Some limitations must be acknowledged as well. First, due to limited children with aggressive behaviors, the CI for the association of moderate TSH trajectory with aggressive behavior is too wide. Nevertheless, according to the normal reference ranges of maternal thyroid hormones in our laboratory [as shown in Supplemental Table 1 (22)], we can find that the in the moderate TSH trajectory group, the average TSH levels exceeded the normal reference groups in all 3 trimesters (2.66 μIU/mL vs 1.50 μIU/mL in first trimester, 3.64 μIU/mL vs 2.42 μIU/mL in second trimester, and 3.33 μIU/mL vs 2.20 μIU/mL in third trimester, respectively). It may indicate a potential adverse effect of moderate TSH trajectory on children’s aggressive behavior development, as needs to be confirmed by studies with larger samples.
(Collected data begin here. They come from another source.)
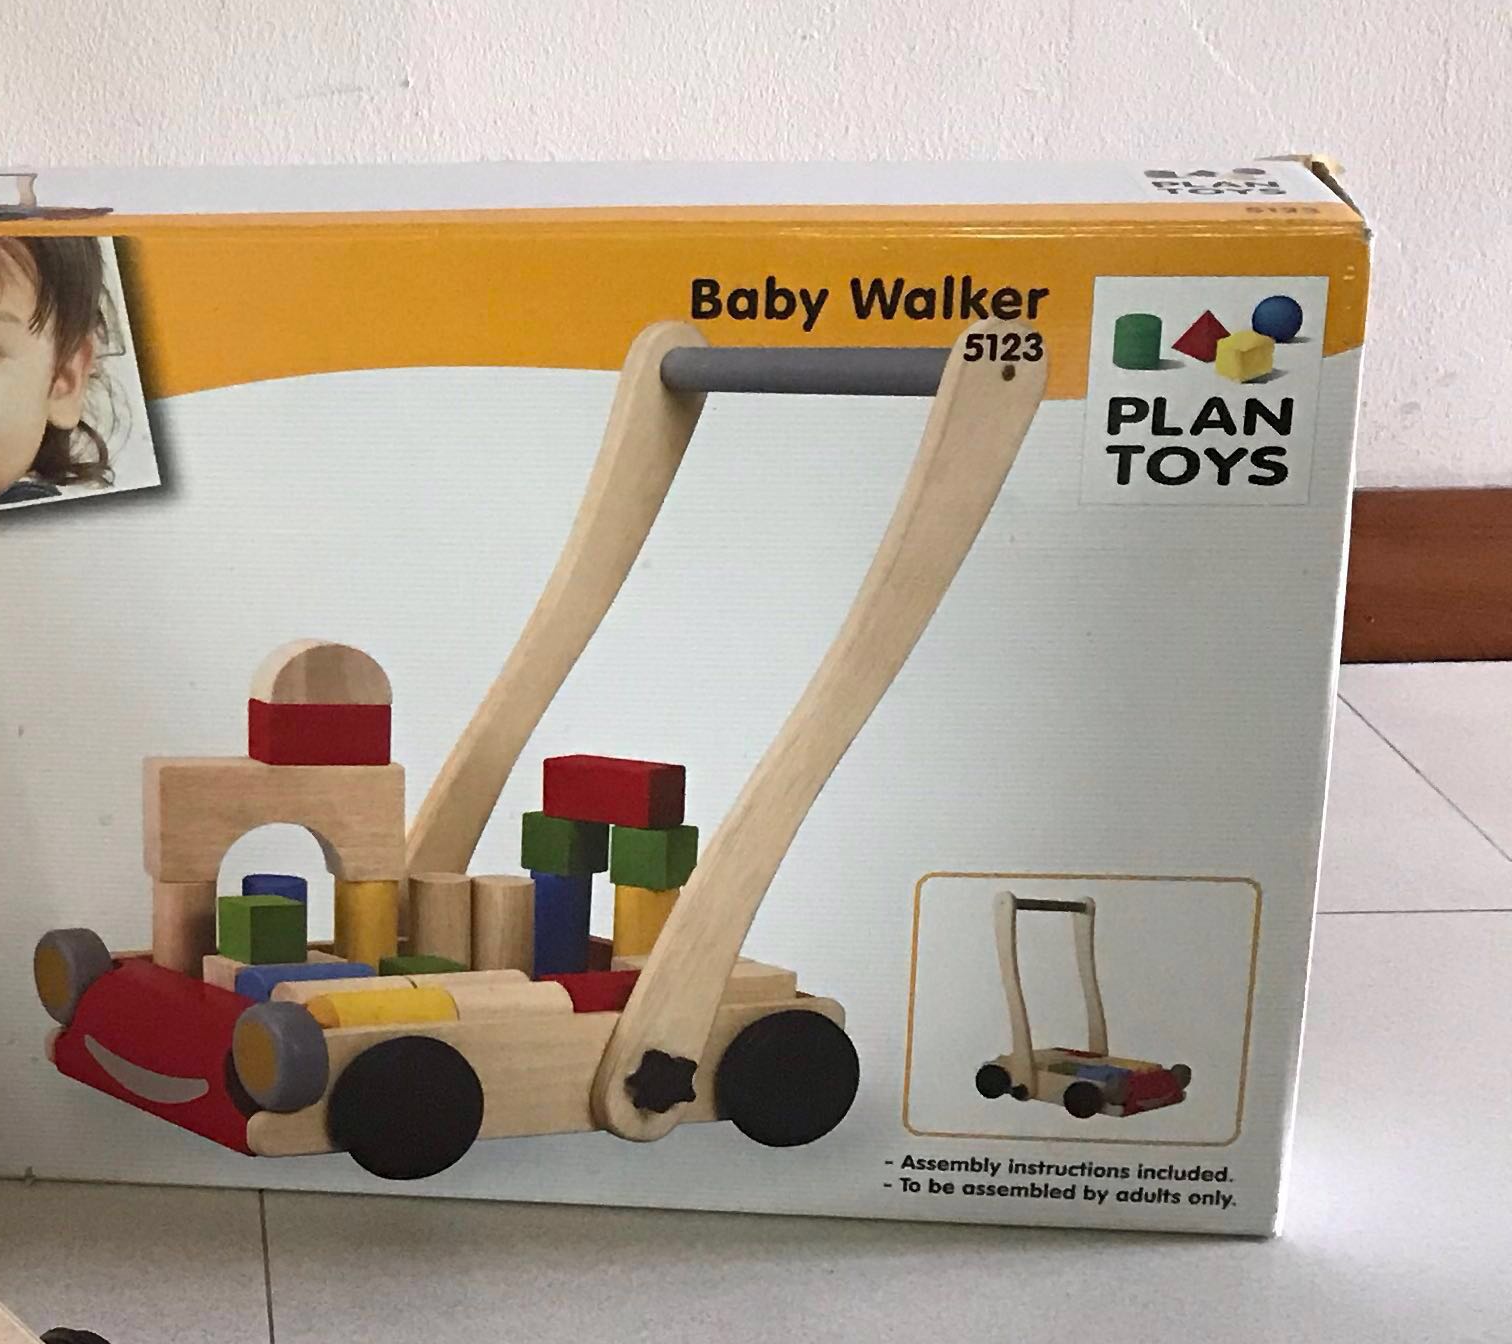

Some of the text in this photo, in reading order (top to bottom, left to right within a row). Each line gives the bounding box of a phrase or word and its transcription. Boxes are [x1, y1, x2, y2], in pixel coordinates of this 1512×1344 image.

[690, 275, 1050, 331] Baby Walker
[962, 332, 1044, 362] 5123
[1106, 397, 1295, 436] PLAN
[1105, 446, 1289, 487] TOYS
[900, 1155, 1002, 1176] Assembly
[1008, 1158, 1131, 1180] instructions
[1137, 1164, 1235, 1184] included.
[900, 1177, 922, 1195] To
[928, 1178, 955, 1197] be
[962, 1182, 1076, 1202] assembled
[1084, 1186, 1109, 1206] by
[1116, 1188, 1182, 1206] adults
[1188, 1192, 1238, 1210] only.
Second, preschoolers’ behavioral development was assessed by children’s caregivers. Different caregivers may have different subjective evaluations of children’s behavioral problems (57). In addition, the emotional status of the caregiver may also affect the evaluation of children’s behavioral problems (58), which may lead to certain misclassifications for the outcome. Multi-informant reporting may be a more reliable method to assess children’s emotional and behavioral problems (59). Third, studies had reported that iodine deficiency during pregnancy may impair children’s brain development and be related to the risk of their behavioral problems (60,61). Although the Ma’ anshan was not reported to be iodine deficient area, we still lacked the local basal iodine level in the current study. The interpretation of the findings, therefore, should be made cautiously. Finally, there were many factors that would affect children’s behavioral development. Residual confounders could not be fully ruled out, such as children’s family upbringing environment, parents’ marital status (62), and maternal environmental endocrine disruptors exposures (63,64).

Conclusions

In conclusion, maternal thyroid hormone trajectories impact preschool boys’ behavioral development.

Abbreviations

    Abbreviations
     
  • ADHD

    attention deficit hyperactivity disorder;

  •  
  • CBCL

    Child Behavior Checklist

  •  
  • FT4

    free thyroxine

  •  
  • MABC

    Ma’ anshan Birth Cohort

  •  
  • TPOAb

    thyroid peroxidase antibody

  •  
  • TSH

    thyroid-stimulating hormone.

Acknowledgments

The authors are grateful to the mothers and children in the study for their active cooperation and also would like to thank all the investigators in Ma’ anshan Maternal and Child Health Hospital for their assistance and support in the study.

Financial Support

National Natural Science Foundation of China (81872630), The University Synergy Innovation Program of Anhui Province (GXXT-2020-067), Sci-tech Basic Resources Research Program of China (2017FY101107), the Special Project “Reproductive Health, Prevention and Control of Major Birth Defects” of National Key Research and Development Program (2016YFC1000204-2), the Non-profit Central Research Institute Fund of Chinese Academy of Medical Sciences (2019PT310002), and Research Fund of Anhui Institute of translational medicine (ZHYX2020A001).

Disclosures

The authors report no conflict of interest.

Data Availability

Restrictions apply to the availability of some or all data generated or analyzed during this study to preserve patient confidentiality or because they were used under license. The corresponding author will on request detail the restrictions and any conditions under which access to some data may be provided.